GDPR regulations give European citizens a legal right to see all the personal data held on them, among other rights. But a tech writer requesting data from Apple, Amazon, Facebook and Google found that the data isn’t as easy to understand as it should be …
The Verge’s Jon Porter conducted the test.
What I found suggested that while you can certainly get the raw data, actually understanding it is another matter, which makes it harder to make informed decisions about your data.
[The law requires that personal data] be provided to the individual in a “concise, transparent, intelligible and easily accessible form, using clear and plain language” in a “commonly used electronic format.”
But the extent to which companies comply with the ‘intelligible and easily accessible’ part of that varies, with Facebook ironically doing the best job, followed by Amazon, then Apple, and finally Google.
Facebook, wrote Porter, was the gold standard.

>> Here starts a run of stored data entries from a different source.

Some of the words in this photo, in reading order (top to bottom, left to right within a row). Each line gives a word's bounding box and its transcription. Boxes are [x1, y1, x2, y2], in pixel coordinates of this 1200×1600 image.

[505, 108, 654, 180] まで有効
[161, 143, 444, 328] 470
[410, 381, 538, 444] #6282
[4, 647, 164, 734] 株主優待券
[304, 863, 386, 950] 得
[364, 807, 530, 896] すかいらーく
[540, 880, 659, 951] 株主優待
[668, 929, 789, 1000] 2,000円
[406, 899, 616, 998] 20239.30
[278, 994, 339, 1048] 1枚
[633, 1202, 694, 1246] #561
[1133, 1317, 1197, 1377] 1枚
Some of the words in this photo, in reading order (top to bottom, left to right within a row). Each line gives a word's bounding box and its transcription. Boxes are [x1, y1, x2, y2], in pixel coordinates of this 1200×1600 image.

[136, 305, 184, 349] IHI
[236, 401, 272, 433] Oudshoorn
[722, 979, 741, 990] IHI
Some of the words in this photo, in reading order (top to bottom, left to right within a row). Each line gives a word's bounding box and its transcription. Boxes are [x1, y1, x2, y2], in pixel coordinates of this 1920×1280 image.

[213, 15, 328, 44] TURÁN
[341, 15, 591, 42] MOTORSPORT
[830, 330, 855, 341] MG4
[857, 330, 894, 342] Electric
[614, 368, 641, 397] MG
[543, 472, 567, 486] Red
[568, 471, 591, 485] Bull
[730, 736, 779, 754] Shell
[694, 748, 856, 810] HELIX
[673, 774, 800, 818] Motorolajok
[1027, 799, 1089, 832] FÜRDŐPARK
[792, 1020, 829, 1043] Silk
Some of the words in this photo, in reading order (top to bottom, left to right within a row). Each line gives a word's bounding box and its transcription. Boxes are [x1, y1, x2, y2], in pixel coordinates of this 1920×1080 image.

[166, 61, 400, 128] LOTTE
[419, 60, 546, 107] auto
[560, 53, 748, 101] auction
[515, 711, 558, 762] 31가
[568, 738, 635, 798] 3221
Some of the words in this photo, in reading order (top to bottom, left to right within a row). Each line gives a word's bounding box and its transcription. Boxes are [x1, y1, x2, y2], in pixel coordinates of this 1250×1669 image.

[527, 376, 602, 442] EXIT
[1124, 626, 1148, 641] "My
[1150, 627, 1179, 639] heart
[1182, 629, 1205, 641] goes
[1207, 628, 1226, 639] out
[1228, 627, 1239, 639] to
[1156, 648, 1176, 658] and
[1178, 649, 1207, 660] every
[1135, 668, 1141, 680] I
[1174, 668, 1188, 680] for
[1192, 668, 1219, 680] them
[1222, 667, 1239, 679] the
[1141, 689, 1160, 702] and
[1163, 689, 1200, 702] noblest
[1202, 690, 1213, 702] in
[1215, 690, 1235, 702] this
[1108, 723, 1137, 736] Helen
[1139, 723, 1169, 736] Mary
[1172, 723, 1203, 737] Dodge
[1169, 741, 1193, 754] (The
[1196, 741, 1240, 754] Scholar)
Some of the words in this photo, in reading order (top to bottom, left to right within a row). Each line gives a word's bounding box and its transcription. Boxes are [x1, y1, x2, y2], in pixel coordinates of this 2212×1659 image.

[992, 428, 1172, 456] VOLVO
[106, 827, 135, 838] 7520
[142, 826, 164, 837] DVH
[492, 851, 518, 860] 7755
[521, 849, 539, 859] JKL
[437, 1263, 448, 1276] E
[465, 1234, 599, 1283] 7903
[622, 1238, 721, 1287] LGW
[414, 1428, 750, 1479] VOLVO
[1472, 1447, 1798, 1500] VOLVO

Facebook actually had the most comprehensible data of the four services. For starters, every single file Facebook gives you is an HTML file. Each is sorted into its own clearly labeled folder, and an index file gives you an overview of what each document contains. The files themselves are clearly laid out and formatted, and browsing them feels almost like browsing a page on Facebook itself, albeit one that’s stored entirely locally on your computer.
Apple provided a mix of different file formats, and didn’t make it easy to parse.
The majority of the data Apple provided was in file types that were easy to read and understand like CSV, TXT, and JPG, with only a couple of JSON files to confuse things.
But once you get into these files, there’s still a lot of information that’s difficult to understand. A file titled, “Apple ID Account Information” appeared to contain 11 nearly identical records about my Apple account, all created on exactly the same date in 2014, with no explanation as to what they were. Another CSV file with the ambiguous title of “Apps and Service Analytics” appears to contain an entire list of every single one of my App Store searches, but it has so many empty cells that I only noticed it had data in it when I saw its 6.7MB file size.
Amazon was a little better, but Google did very poorly.
All of my location data from Google was contained within a single 61MB JSON file, and opening it with Chrome revealed a bewildering array of fields labeled “timestampMs,” “latitudeE7,” “logitudeE7,” and estimations about whether I was sitting still or in some kind of transport (I assume).
I don’t doubt that this is all the location history information that Google has associated with my account, but without context, this data is meaningless. It’s a series of numbers that I’d have to make a serious effort to even begin to understand and import into another piece of software to properly parse.
Other Google data was equally hard to understand. Indeed, the company recently received the largest GDPR fine to date for lack of transparency.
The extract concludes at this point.